Would you restate each entry word for word, omitting the pictures?

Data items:
%%
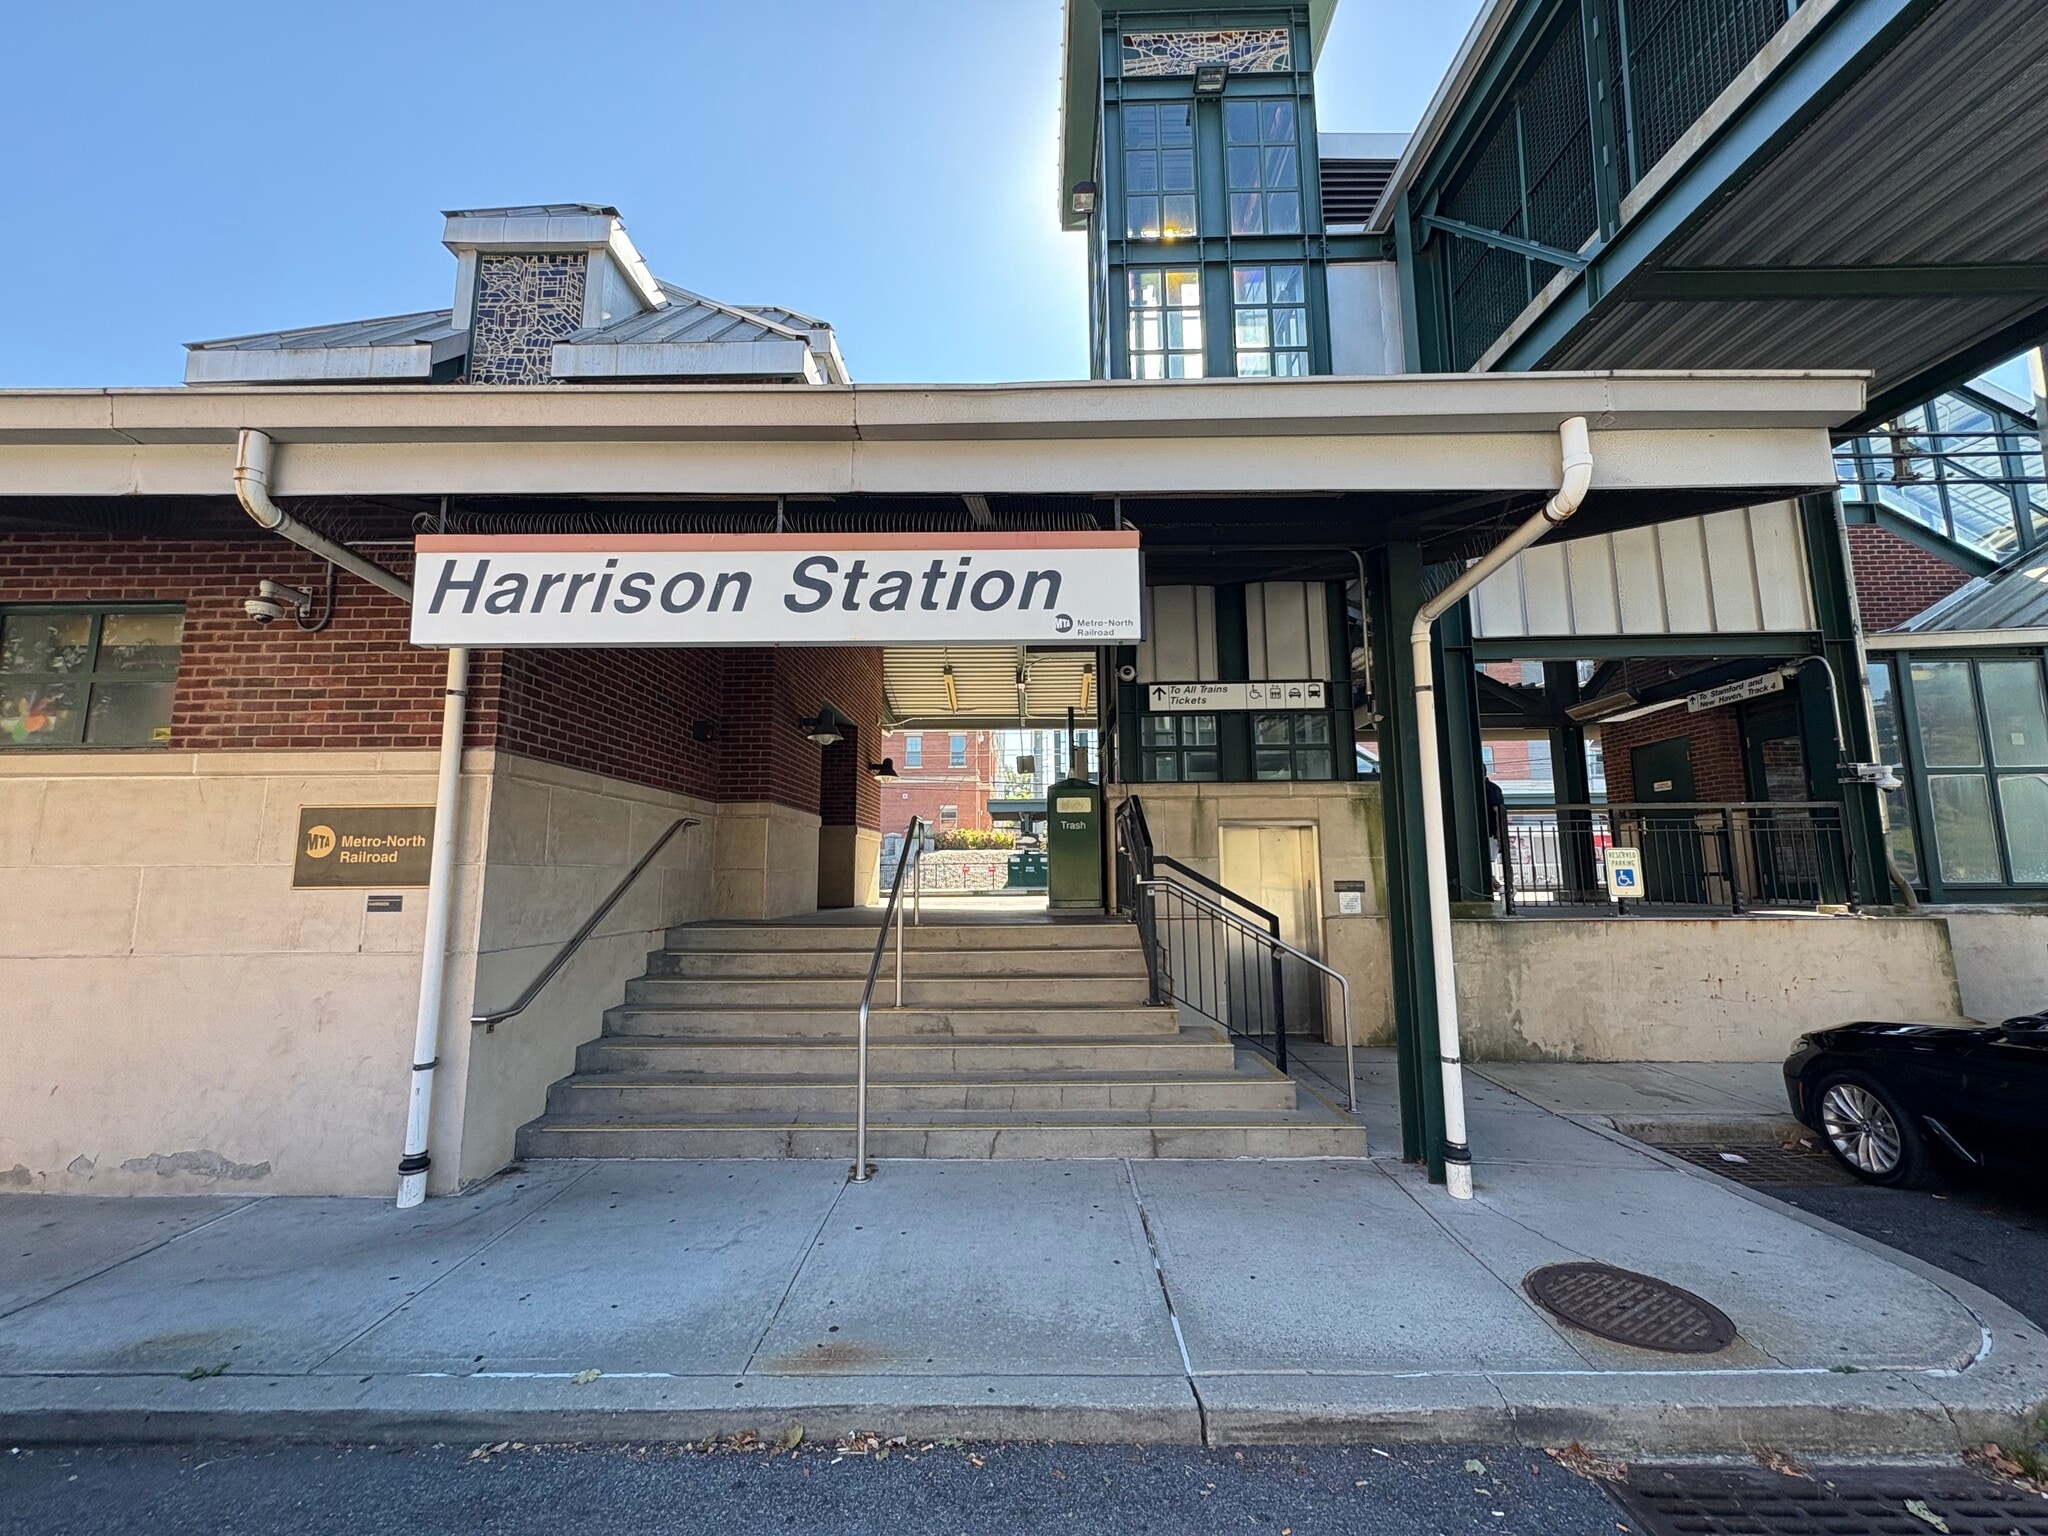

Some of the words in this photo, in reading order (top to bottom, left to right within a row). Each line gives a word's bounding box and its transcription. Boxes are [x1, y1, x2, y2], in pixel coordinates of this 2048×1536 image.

[428, 558, 753, 615] Harrison
[783, 555, 1063, 613] Station
[1077, 619, 1134, 627] Metro-North
[1170, 686, 1181, 694] To
[1183, 686, 1197, 694] All
[1200, 685, 1228, 694] Trains
[1710, 682, 1744, 697] Stamford
[1748, 677, 1763, 687] and
[1170, 696, 1207, 704] Tickets
[1700, 700, 1715, 708] New
[1748, 684, 1768, 695] Track
[1061, 821, 1086, 830] Trash
[306, 829, 333, 854] MTA
[341, 835, 426, 848] Metro-North
[340, 851, 398, 863] Railroad
[1608, 851, 1636, 859] RESERVED
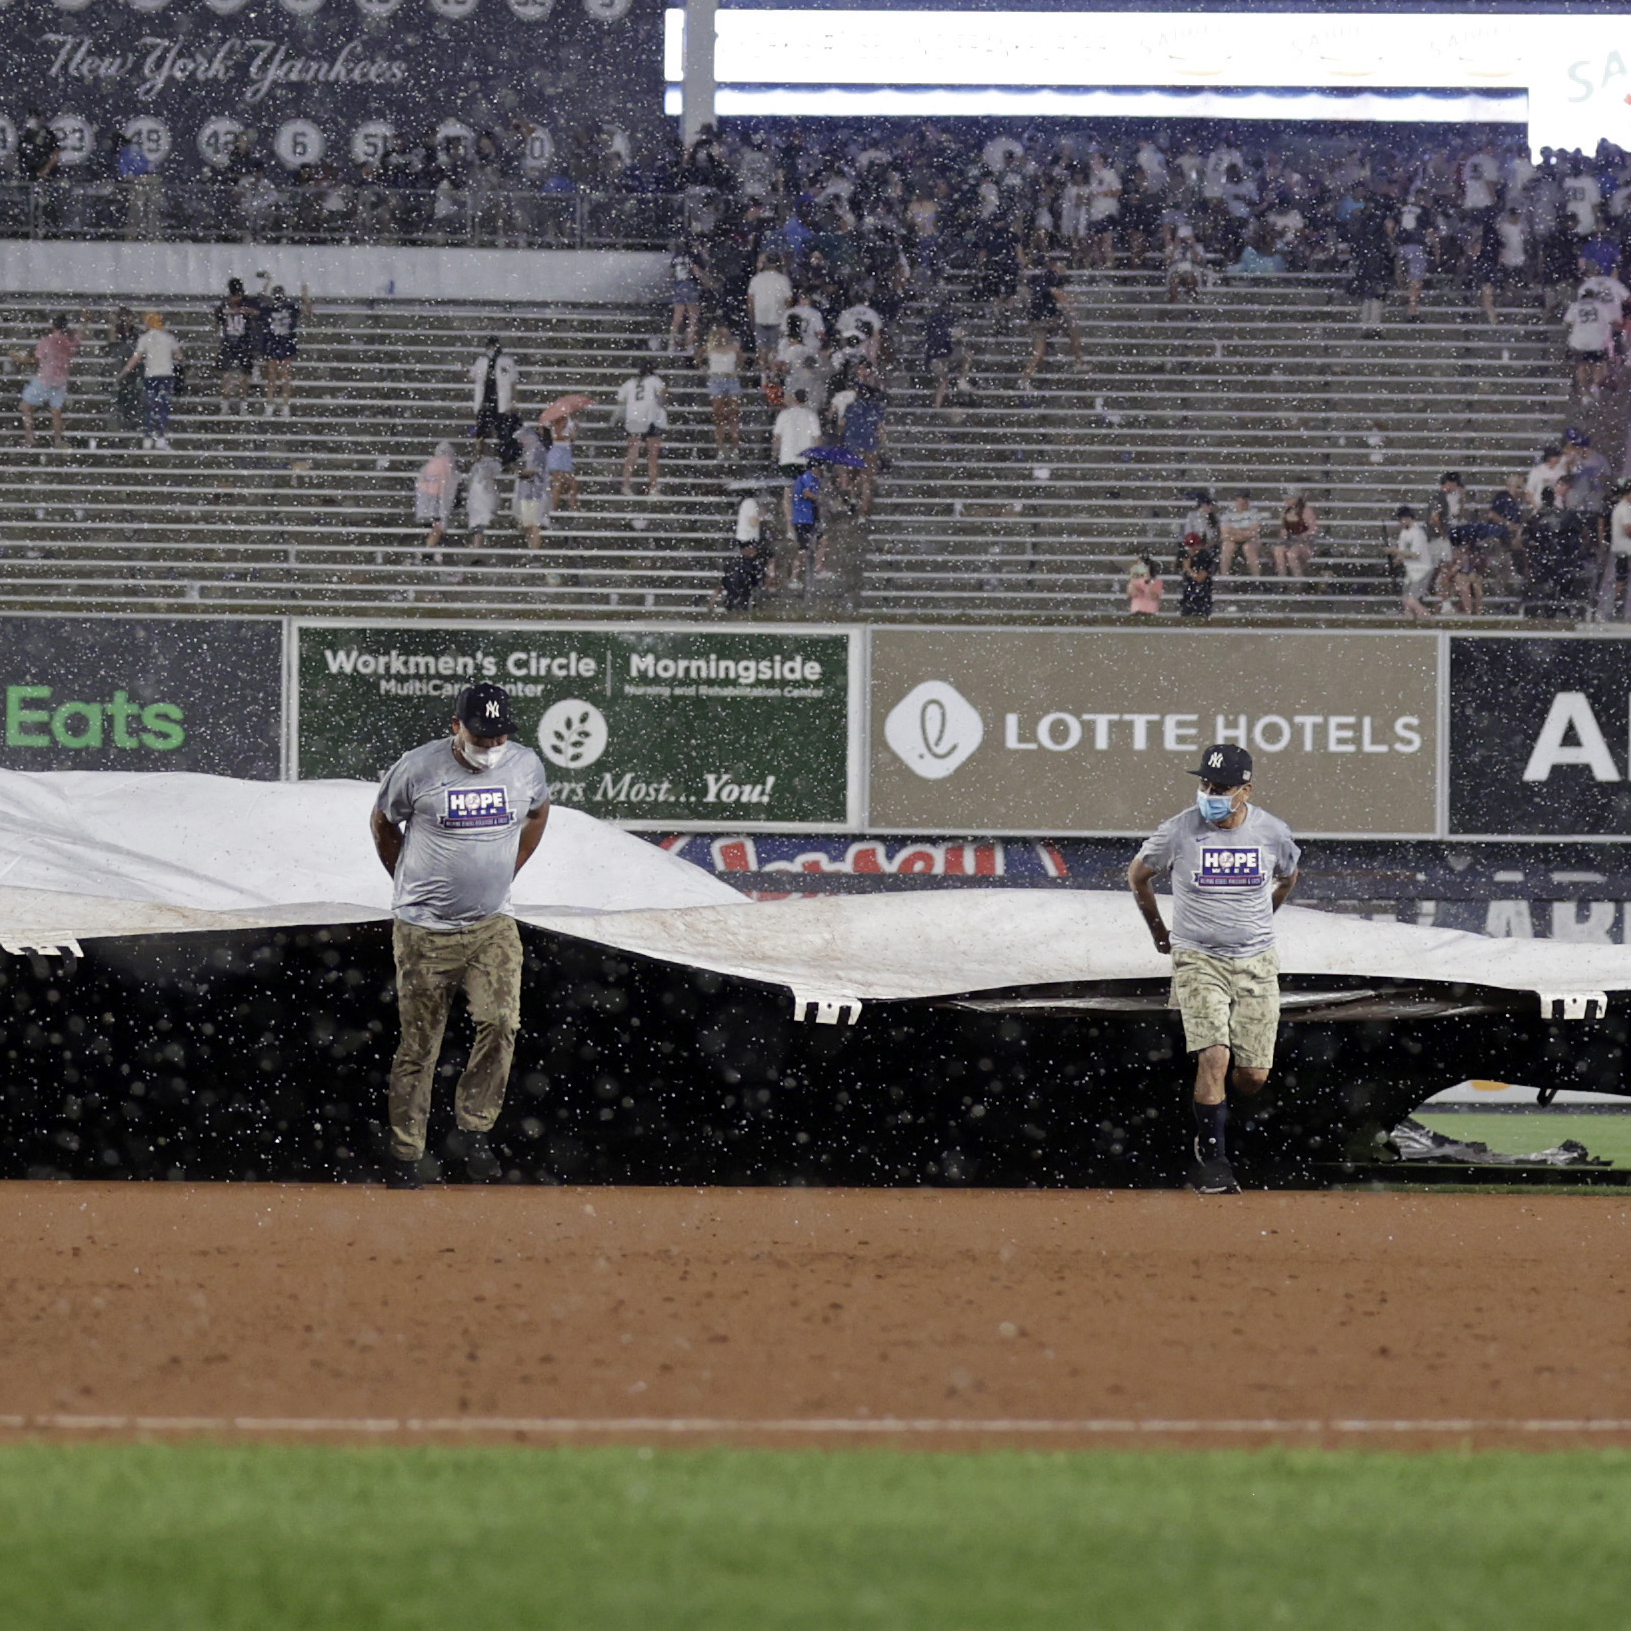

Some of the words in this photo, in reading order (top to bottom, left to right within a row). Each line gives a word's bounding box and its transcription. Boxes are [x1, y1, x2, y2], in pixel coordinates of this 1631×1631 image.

[41, 33, 133, 77] New
[138, 33, 237, 101] York
[245, 39, 404, 102] Yankees
[291, 132, 307, 157] 6
[325, 650, 495, 677] Workmen's
[507, 651, 597, 678] Circle
[629, 654, 822, 683] Morningside
[4, 683, 186, 750] Eats
[485, 700, 500, 718] NY
[1005, 711, 1199, 753] LOTTE
[1215, 713, 1421, 755] HOTELS
[1208, 751, 1224, 768] NY
[450, 791, 503, 810] HOPE
[700, 773, 775, 804] You!
[1204, 851, 1257, 868] HOPE
%%
RESULT:
Some of the words in this photo, in reading order (top to bottom, left to right within a row). Each line gives a word's bounding box and its transcription. Boxes are [x1, y1, x2, y2], in pixel coordinates of this 2048×1536 image.

[428, 558, 753, 615] Harrison
[783, 555, 1063, 613] Station
[1077, 619, 1134, 627] Metro-North
[1170, 686, 1181, 694] To
[1183, 686, 1197, 694] All
[1200, 685, 1228, 694] Trains
[1710, 682, 1744, 697] Stamford
[1748, 677, 1763, 687] and
[1170, 696, 1207, 704] Tickets
[1700, 700, 1715, 708] New
[1748, 684, 1768, 695] Track
[1061, 821, 1086, 830] Trash
[306, 829, 333, 854] MTA
[341, 835, 426, 848] Metro-North
[340, 851, 398, 863] Railroad
[1608, 851, 1636, 859] RESERVED

Some of the words in this photo, in reading order (top to bottom, left to right within a row). Each line gives a word's bounding box and its transcription. Boxes are [x1, y1, x2, y2], in pixel coordinates of this 1631×1631 image.

[41, 33, 133, 77] New
[138, 33, 237, 101] York
[245, 39, 404, 102] Yankees
[291, 132, 307, 157] 6
[325, 650, 495, 677] Workmen's
[507, 651, 597, 678] Circle
[629, 654, 822, 683] Morningside
[4, 683, 186, 750] Eats
[485, 700, 500, 718] NY
[1005, 711, 1199, 753] LOTTE
[1215, 713, 1421, 755] HOTELS
[1208, 751, 1224, 768] NY
[450, 791, 503, 810] HOPE
[700, 773, 775, 804] You!
[1204, 851, 1257, 868] HOPE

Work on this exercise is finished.